An army of a hundred thousand men on the march would be a wonderful sight if one could see it, but the columns stretch too far to be visible all at once. They reach for miles, and woods or hills or valleys hide them. But occasionally we had impressive views from some height into the country below, over which the endless lines moved like vast serpents, and sometimes we had curious surprises. I remember how one day our regiment took an unfrequented road and we seemed to be alone. No other troops were in sight, and all day long we speculated upon our destination. Some thought we were being sent back to Washington for garrison duty; others that we were detached for some special, perhaps perilous, service. There were all sorts of surmises, but finally night came, and we camped on the hillside of a long and deep valley. We lighted our fires, and, in apparent response other fires began to twinkle from the hills beyond and beside us and from down in the valley, and, as it grew darker the fires increased in numbers and in brightness until, in every direction, as far as the eye could see, the lonely woods seemed changed as if by magic into a vast city. We were in the very midst of the great army; we had been marching with it all day.
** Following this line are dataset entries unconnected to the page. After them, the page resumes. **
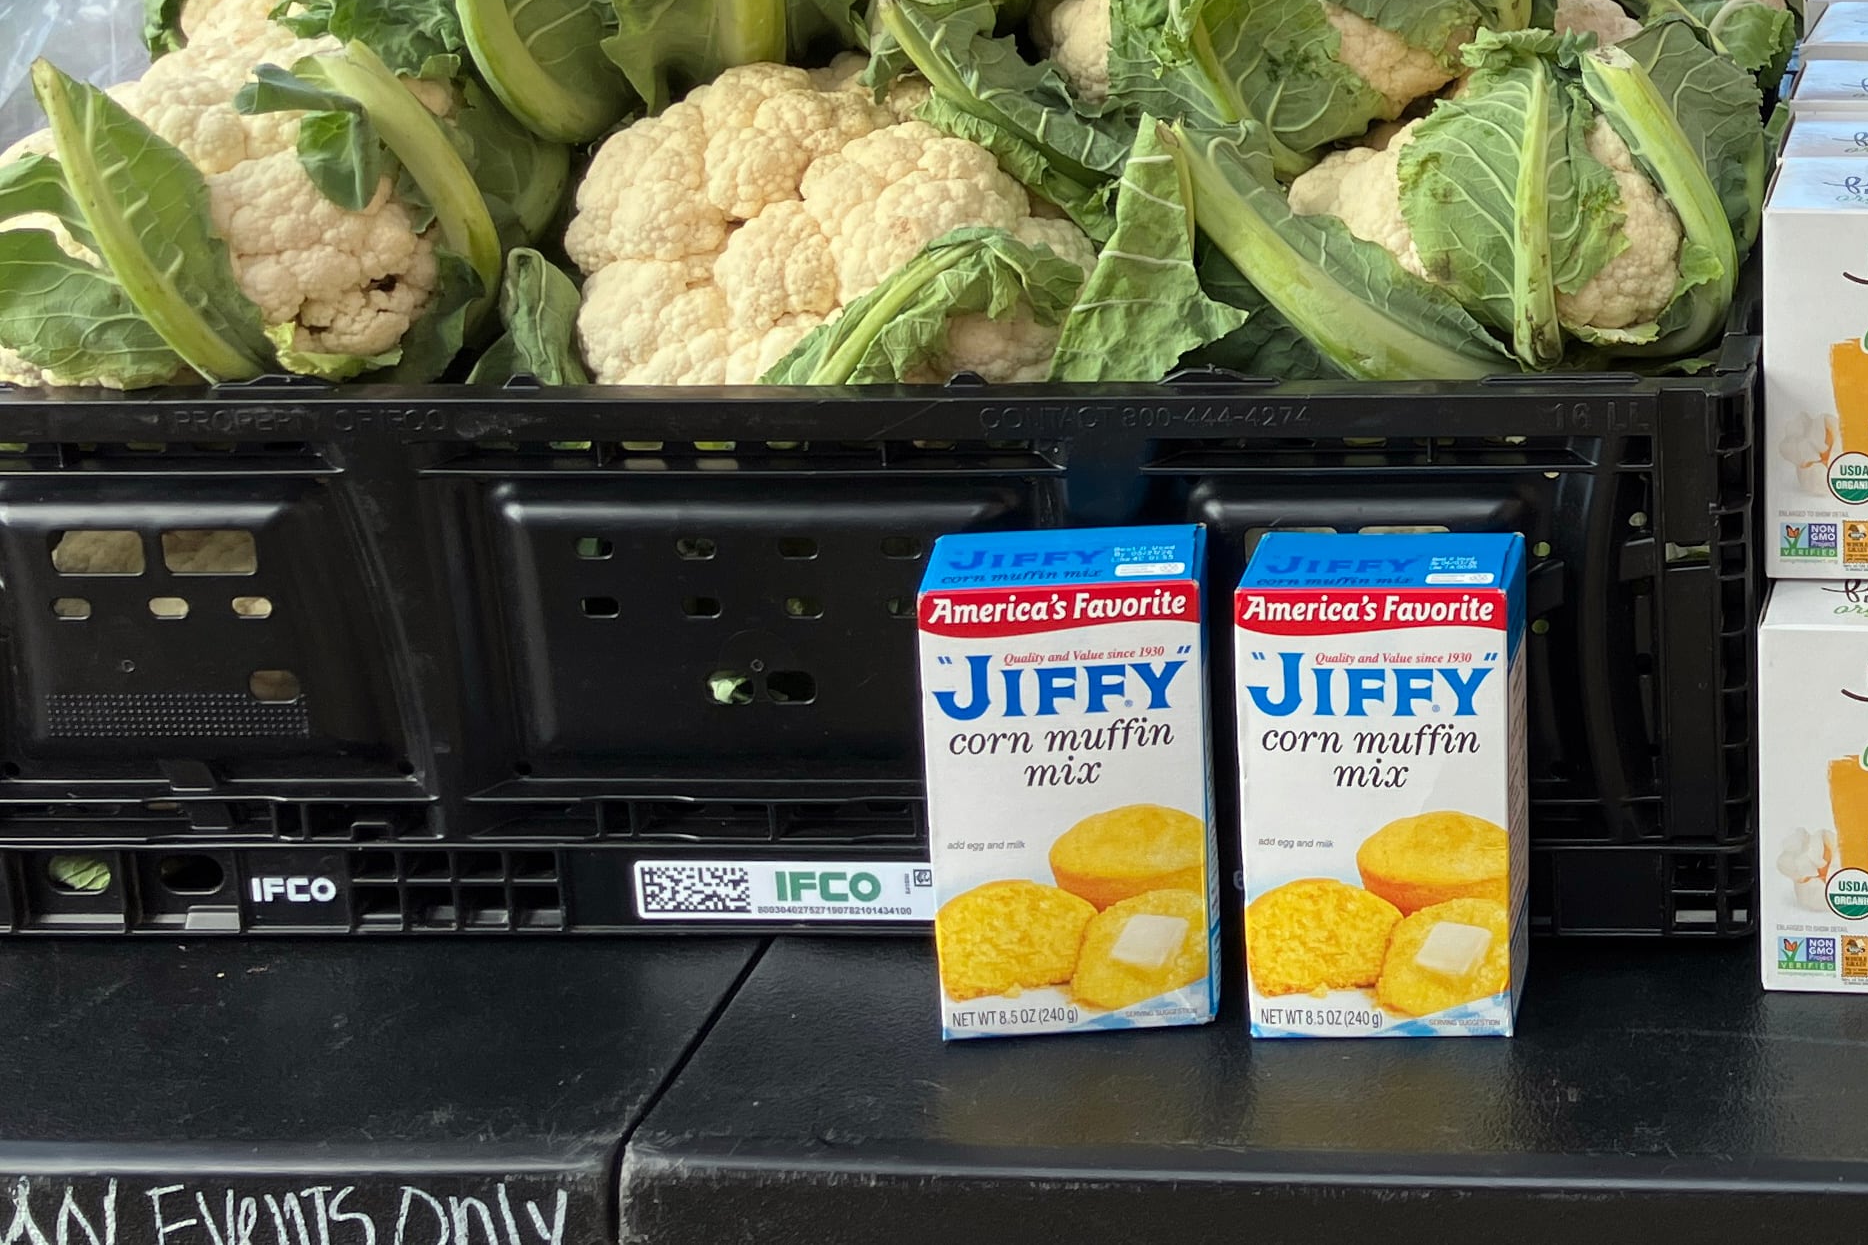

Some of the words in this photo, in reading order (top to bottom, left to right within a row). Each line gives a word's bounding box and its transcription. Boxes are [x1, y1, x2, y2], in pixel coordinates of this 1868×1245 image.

[927, 593, 1067, 624] America's
[1073, 588, 1187, 619] Favorite
[1242, 595, 1378, 622] America's
[1383, 594, 1494, 622] Favorite
[1003, 652, 1045, 667] Quality
[1048, 651, 1069, 662] and
[1073, 650, 1104, 662] Value
[1107, 649, 1135, 660] since
[1139, 646, 1164, 657] 1930
[1315, 653, 1356, 664] Quality
[1358, 653, 1379, 664] and
[1382, 653, 1412, 664] Value
[1416, 653, 1444, 664] since
[1447, 653, 1472, 663] 1930
[949, 730, 1033, 755] corn
[1044, 717, 1174, 752] muffin
[1261, 730, 1343, 753] corn
[1353, 723, 1481, 756] muffin
[1023, 755, 1102, 787] mix
[1333, 758, 1409, 787] mix
[947, 841, 965, 850] add
[967, 840, 984, 853] egg
[986, 841, 1005, 850] and
[1007, 840, 1026, 850] milk
[251, 877, 337, 902] IFCO
[775, 871, 881, 902] IFCO
[1837, 879, 1868, 893] USDA
[951, 1013, 974, 1028] NET
[976, 1012, 997, 1026] WT
[998, 1011, 1019, 1025] 8.5
[1021, 1010, 1038, 1024] OZ
[1039, 1010, 1063, 1025] (240
[1066, 1008, 1079, 1024] g)
[1260, 1010, 1281, 1026] NET
[1283, 1010, 1304, 1026] WT
[1305, 1010, 1325, 1026] 8.5
[1327, 1010, 1342, 1027] OZ
[1344, 1010, 1367, 1028] (240
[1370, 1011, 1383, 1028] g)
Our first battle was that of Fredericksburg, and we went into it under every disadvantage. Our showy colonel was absent on sick-leave, our only field officer was our yet untried major; in fact, not a single one of our officers had ever been really under fire and, beside our imperfection in drill, we were wretchedly armed. In the haste to put us into the field we had been supplied with Harper's Ferry smooth-bore muskets, – antiquated weapons utterly unfit for modern warfare. We knew they were useless except at short range; we suspected that some of them would prove more dangerous to ourselves than to the enemy. The men despised them, and called them "stuffed clubs;" but they saved us from being sacrificed.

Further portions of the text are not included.